● Instructions to follow
Your output should reproduce each entry exactly, with none of its pictures.
::: Data supplied :::
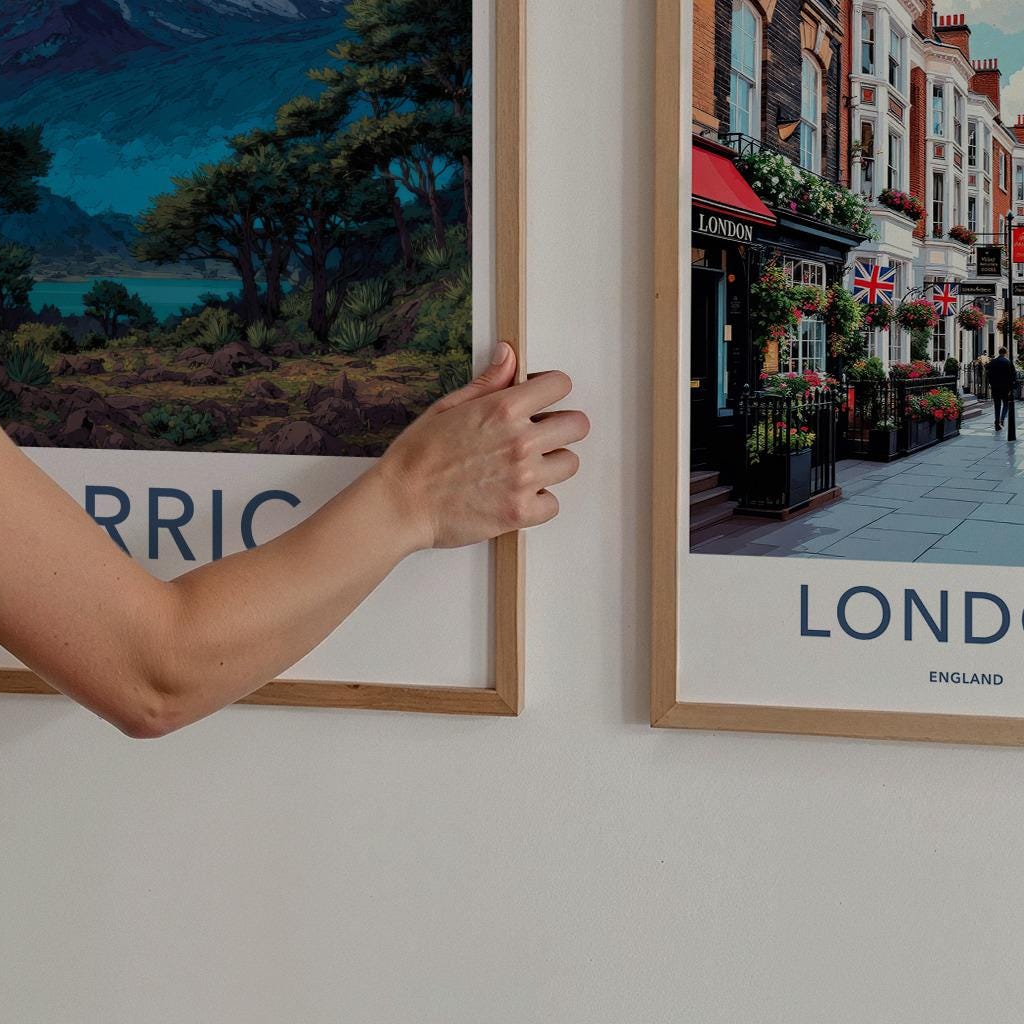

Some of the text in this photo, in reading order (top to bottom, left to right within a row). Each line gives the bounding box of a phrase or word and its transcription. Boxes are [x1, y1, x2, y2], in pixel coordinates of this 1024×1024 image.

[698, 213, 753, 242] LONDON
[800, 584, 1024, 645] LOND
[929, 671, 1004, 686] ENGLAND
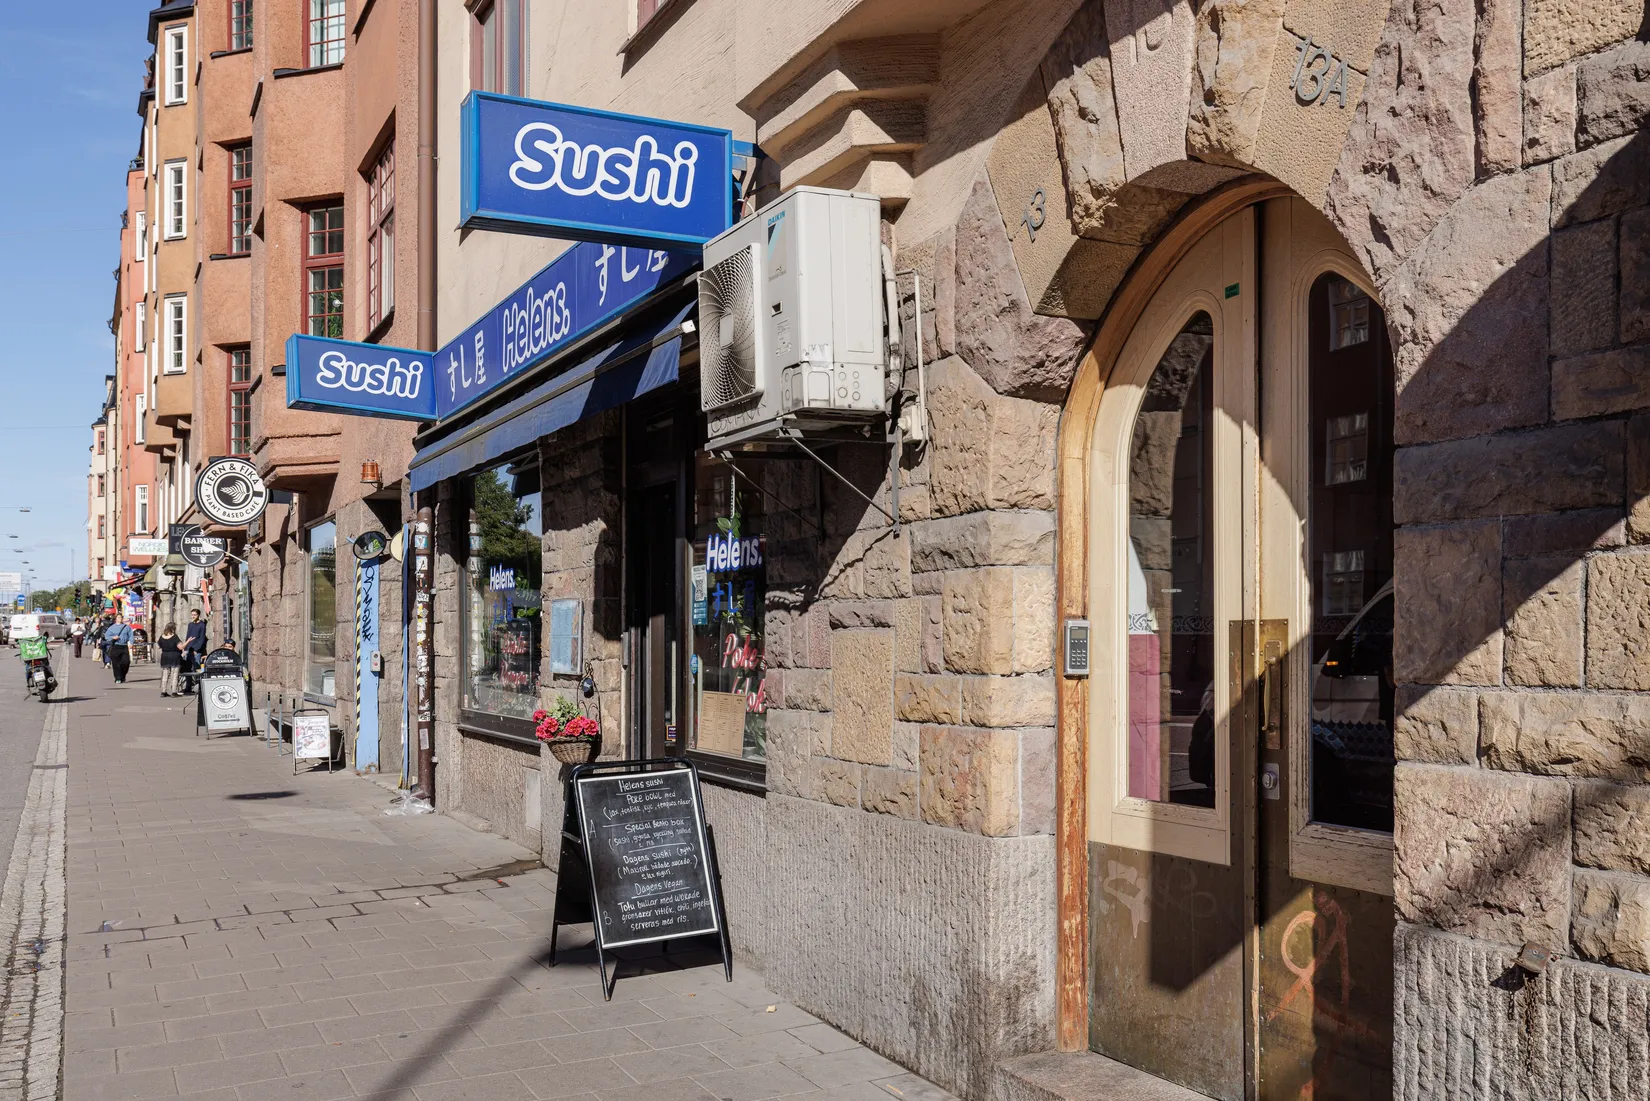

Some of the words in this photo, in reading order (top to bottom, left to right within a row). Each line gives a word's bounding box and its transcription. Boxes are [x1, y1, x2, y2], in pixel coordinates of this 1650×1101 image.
:::
● Written solution
Some of the text in this photo, in reading order (top to bottom, left to right within a row). Each line gives the bounding box of a phrase or word and its transcription. Boxes are [x1, y1, x2, y2], in pixel coordinates of this 1024×1024 image.

[698, 213, 753, 242] LONDON
[800, 584, 1024, 645] LOND
[929, 671, 1004, 686] ENGLAND

Some of the words in this photo, in reading order (top to bottom, left to right within a row). Each line gives a word's bounding box and its transcription. Boxes are [x1, y1, x2, y2], in pixel coordinates of this 1650×1101 image.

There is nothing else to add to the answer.